_WHAT TO DO_
The entries below should be quoted exactly, with no pictures carried over.

AVAILABLE DATA below:

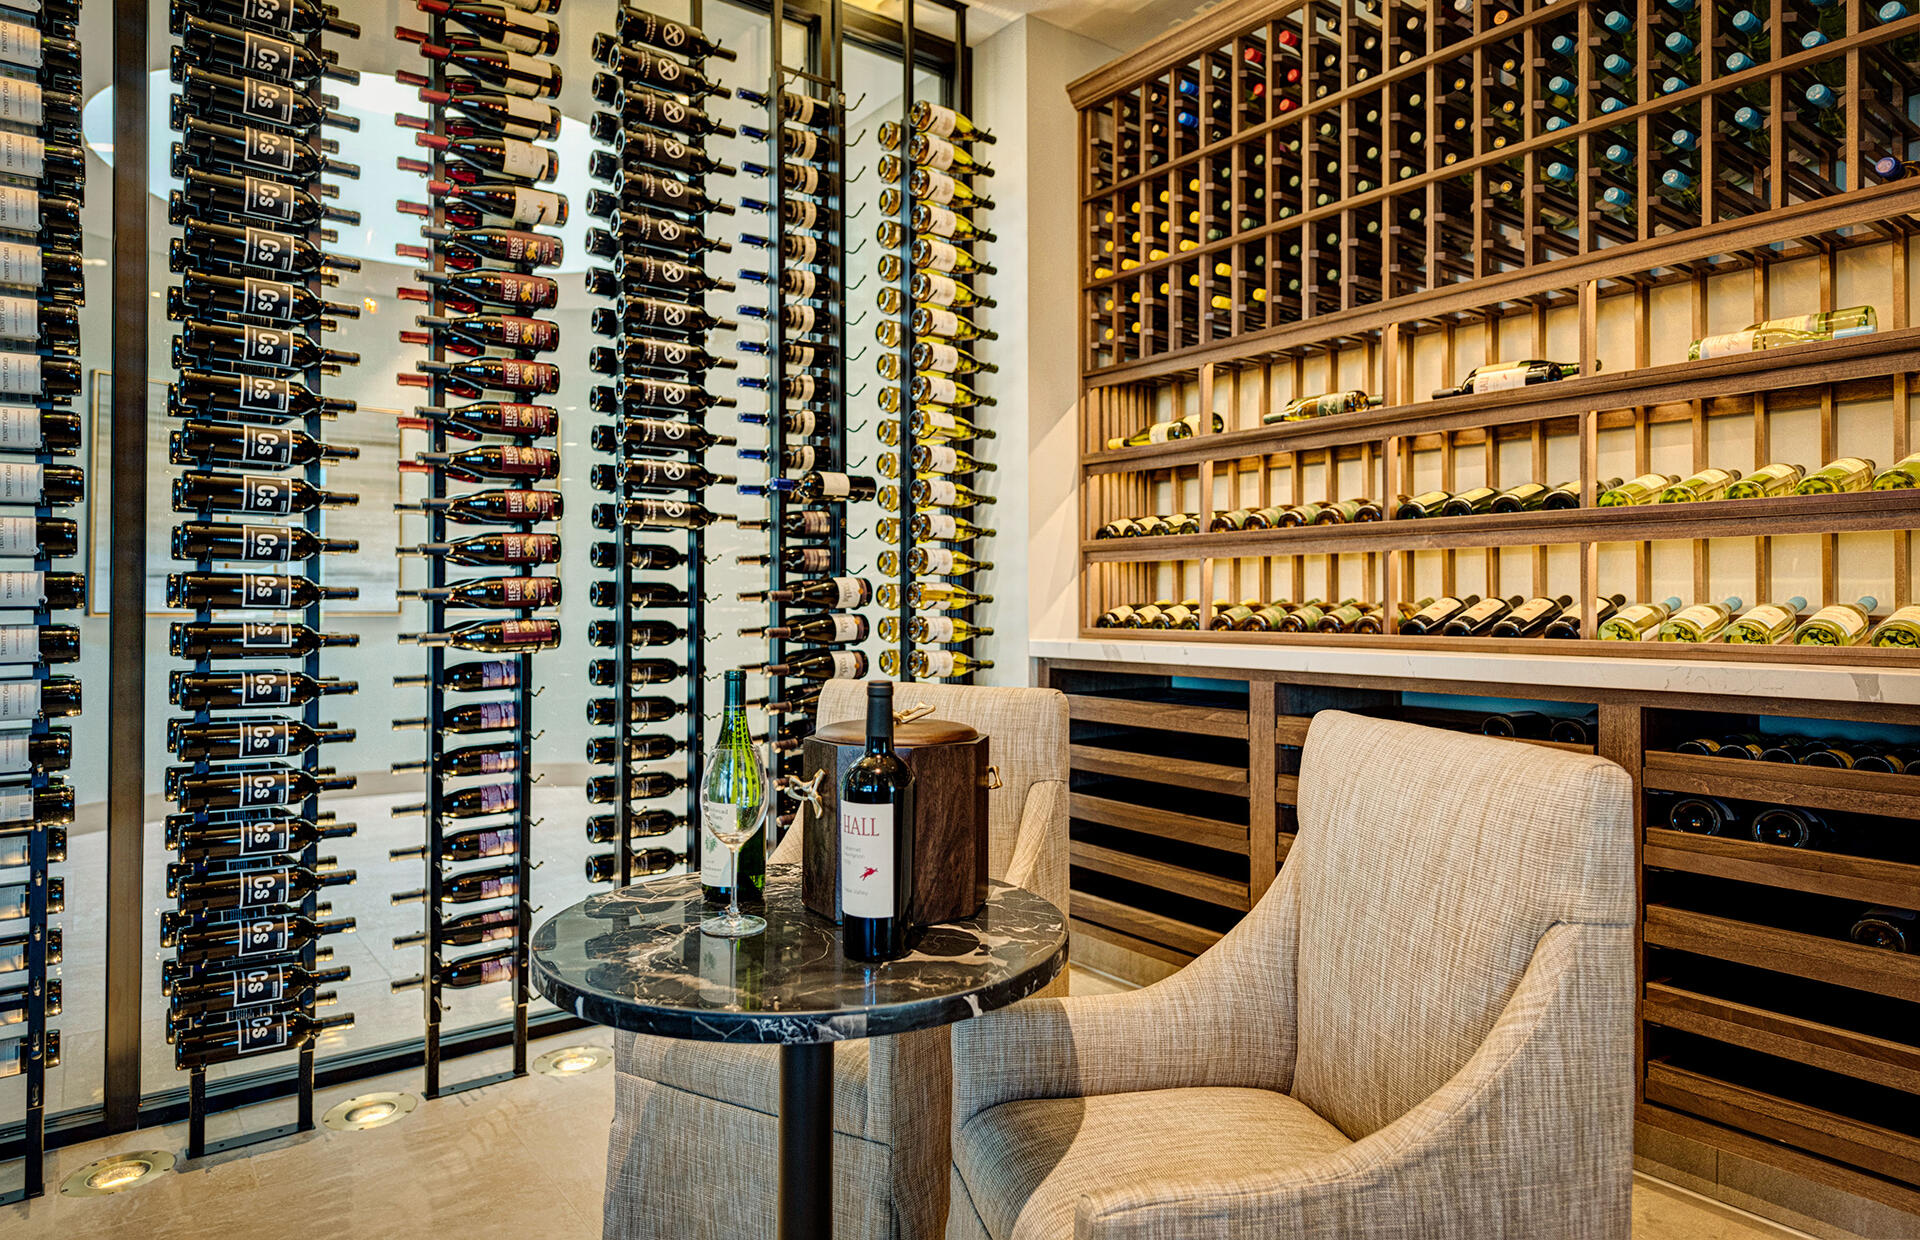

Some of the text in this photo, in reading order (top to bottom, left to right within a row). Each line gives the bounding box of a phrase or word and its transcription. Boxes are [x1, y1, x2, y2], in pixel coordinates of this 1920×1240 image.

[510, 237, 518, 259] HESS
[504, 278, 512, 300] HESS
[506, 321, 514, 344] HESS
[506, 362, 514, 384] HESS
[505, 405, 513, 426] HESS
[510, 492, 518, 512] HESS
[508, 536, 516, 558] HESS
[508, 580, 516, 602] HESS
[844, 814, 880, 836] HALL
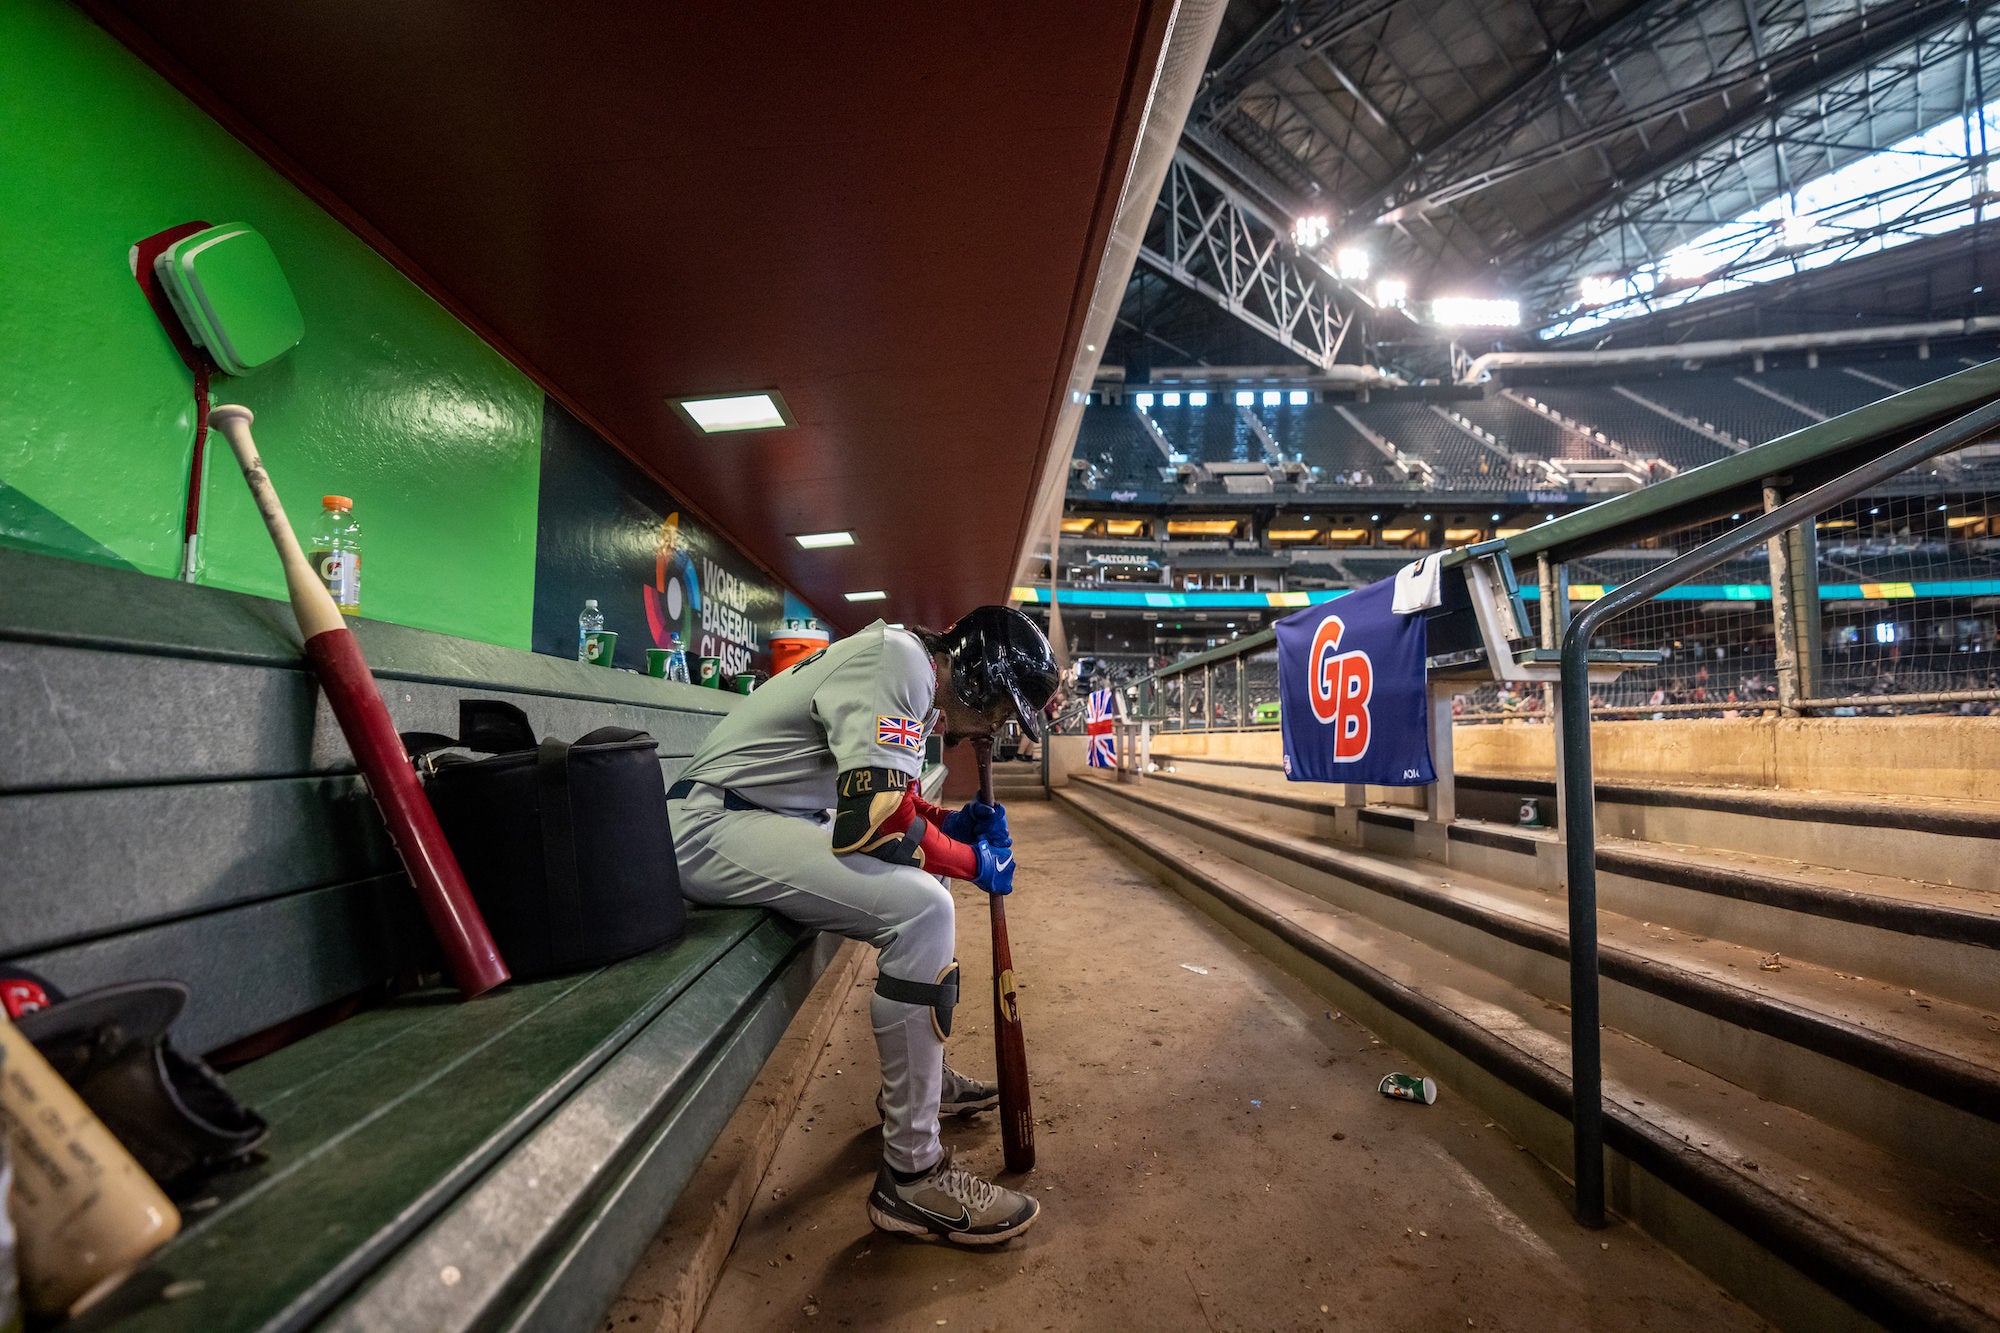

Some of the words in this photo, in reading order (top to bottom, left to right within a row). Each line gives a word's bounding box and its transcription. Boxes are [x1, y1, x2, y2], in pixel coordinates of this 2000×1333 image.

[321, 556, 343, 580] G
[1099, 555, 1148, 565] GATORADE
[703, 557, 747, 613] WORLD
[702, 596, 759, 652] BASEBALL
[585, 639, 600, 660] G
[701, 663, 715, 679] G
[1308, 615, 1373, 763] GB
[855, 770, 873, 792] 22
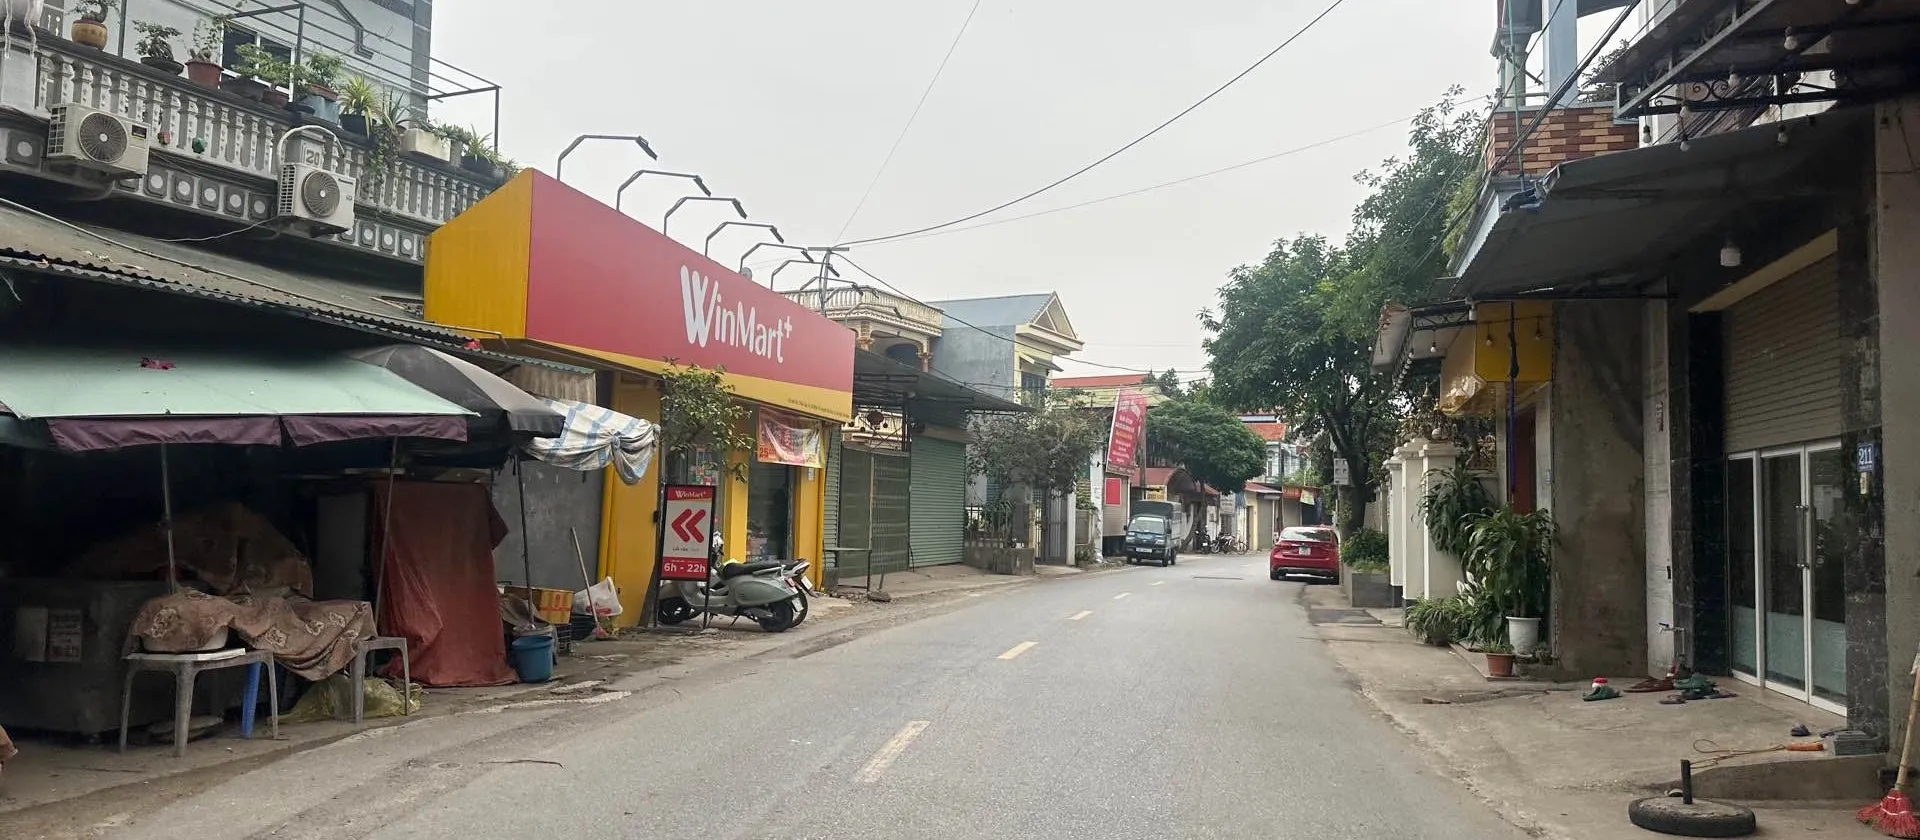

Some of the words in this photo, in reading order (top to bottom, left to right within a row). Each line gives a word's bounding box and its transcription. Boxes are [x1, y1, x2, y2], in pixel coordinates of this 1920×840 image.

End of AVAILABLE DATA.

_ANSWER BELOW_
Some of the text in this photo, in reading order (top to bottom, left to right within a row). Each line gives the bounding box of a phrase or word and its transcription. Boxes are [x1, y1, x2, y2], in pixel coordinates of this 1920×1240 image.

[510, 237, 518, 259] HESS
[504, 278, 512, 300] HESS
[506, 321, 514, 344] HESS
[506, 362, 514, 384] HESS
[505, 405, 513, 426] HESS
[510, 492, 518, 512] HESS
[508, 536, 516, 558] HESS
[508, 580, 516, 602] HESS
[844, 814, 880, 836] HALL

Some of the words in this photo, in reading order (top to bottom, left to right within a row). Each line gives a word's bounding box and its transcription. Boxes are [x1, y1, x2, y2], in pixel coordinates of this 2000×1333 image.

[321, 556, 343, 580] G
[1099, 555, 1148, 565] GATORADE
[703, 557, 747, 613] WORLD
[702, 596, 759, 652] BASEBALL
[585, 639, 600, 660] G
[701, 663, 715, 679] G
[1308, 615, 1373, 763] GB
[855, 770, 873, 792] 22

Some of the words in this photo, in reading order (top to bottom, left to right within a row). Each line gives a word's bounding box and its transcription. Boxes are [x1, y1, x2, y2], in pixel coordinates of this 1920×840 image.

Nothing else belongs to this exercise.